I understand how that came over at that time, but given the fact that everything has happened to this owner, I understand why I was so scared at that time.
Just give it up, she doesn’t want to understand…
It’s a good reason, but you don’t understand that.
If you care about homelines in front of the owner, you’ll ruin it yourself.
Bullshit. But hey, if anyone’s ever been harassed by you, that’s a good thing. Nevertheless, it is very insensitive to constantly hacking around that someone was harassed and pretending that it was not a problem. Sure, I don’t understand.
In addition, you should not throw stones when you sit in the glass house. You call me pampy, but I don’t know (14 years, btw…)
The so-called “Pferdeprofis” are unfortunately always the worst… This is also a laity forum and then riders wonder why there are so many clichés about the rider scene. Shame!
Where is the problem when she says no? Do you want to get a big shot if you get a strange person to the horse? And there it doesn’t matter if the person is just – sorry – stupid. If something happens, you’re guilty and the owners are liable! It shouldn’t be a problem to just start the owner for a moment, to tell her the situation and to ask her if it’s okay for her. And if she says yes, everything is great! If she says no, she says no. Point. Out. There is nothing to discuss and then you have to accept it. After all, you have a contract with the owner, in which exactly what you can and what is not (and if only by hand). You pay YOUR money for lovingly taking care of the animal if she can’t.
But what am I talking about? Here are all horse professionals and have much more idea than you seem to have. Let it be said to you by horse owners: You don’t do anything unquestioned! Absolutely no matter how these things look, and if it’s just that you take a strange person.

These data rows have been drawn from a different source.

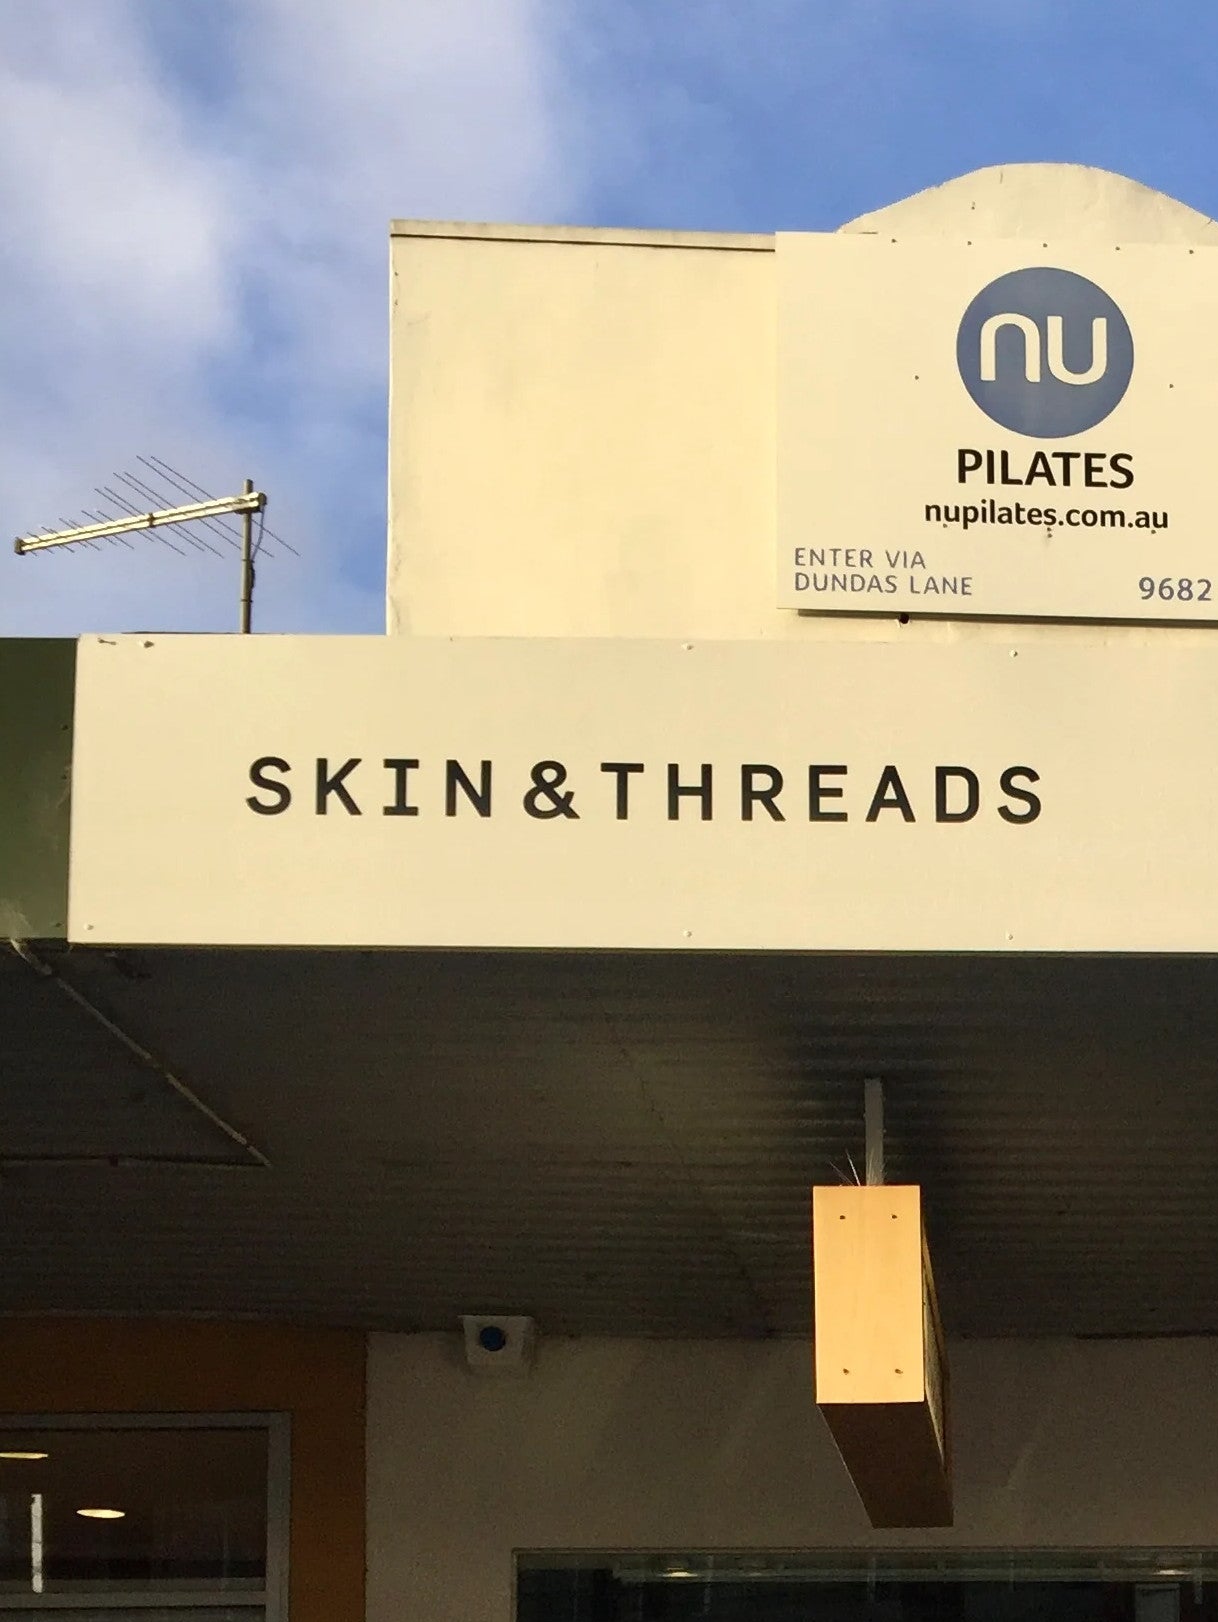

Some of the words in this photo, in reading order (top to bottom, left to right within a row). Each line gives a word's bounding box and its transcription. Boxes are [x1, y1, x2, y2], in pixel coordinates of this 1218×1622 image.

[979, 312, 1108, 386] nu
[957, 448, 1135, 489] PILATES
[924, 498, 1169, 530] nupilates.com.au
[794, 547, 874, 569] ENTER
[885, 550, 926, 570] VIA
[794, 572, 898, 595] DUNDAS
[909, 575, 973, 596] LANE
[1138, 576, 1213, 603] 9682
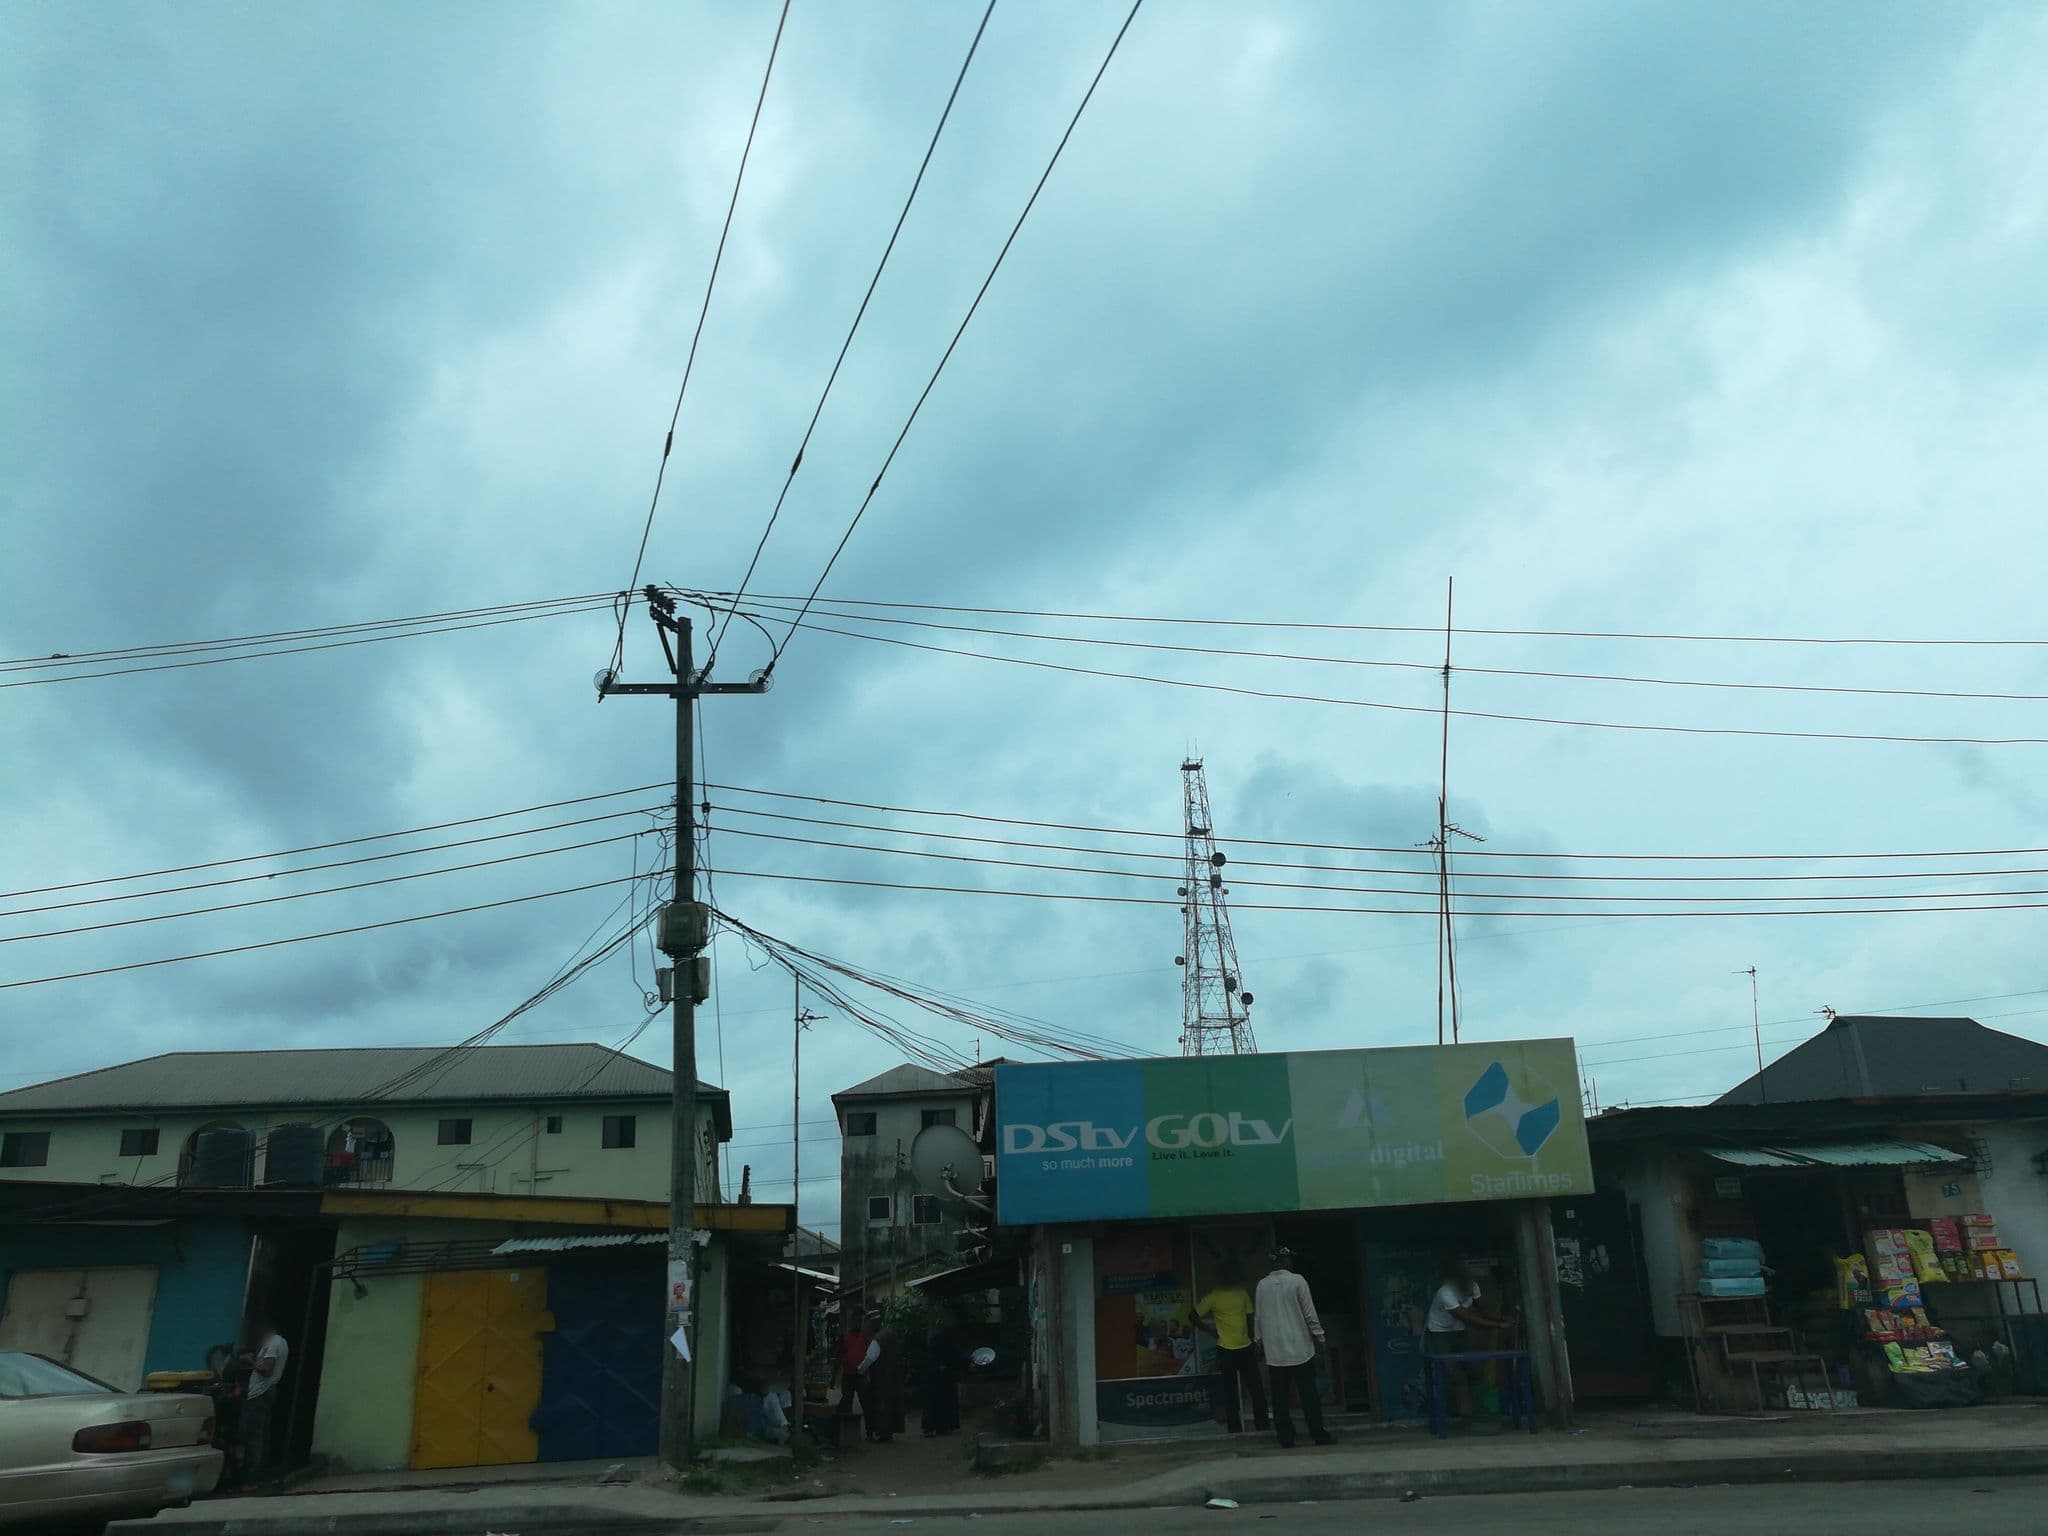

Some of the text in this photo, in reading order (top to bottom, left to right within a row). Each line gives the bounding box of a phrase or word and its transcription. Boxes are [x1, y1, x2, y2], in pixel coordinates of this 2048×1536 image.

But, just keep quiet with your defensive and pampering opinion. We just want to help you here and gave you real and polite answers. The only one who doesn’t want to understand is you alone.
I have to take a walk. But you’re really gonna mess it up. Next time, I’d rather not ask a question, not a question, and then lose the participation. At least I’m a bit safer
Then don’t walk. If she says no, she’d be mad if you don’t ask
No, it’s not uninteresting!
YES AND WENNIE NO SAGT?
Honestly, I’m not going out alone. Then I’ll have to give the horse.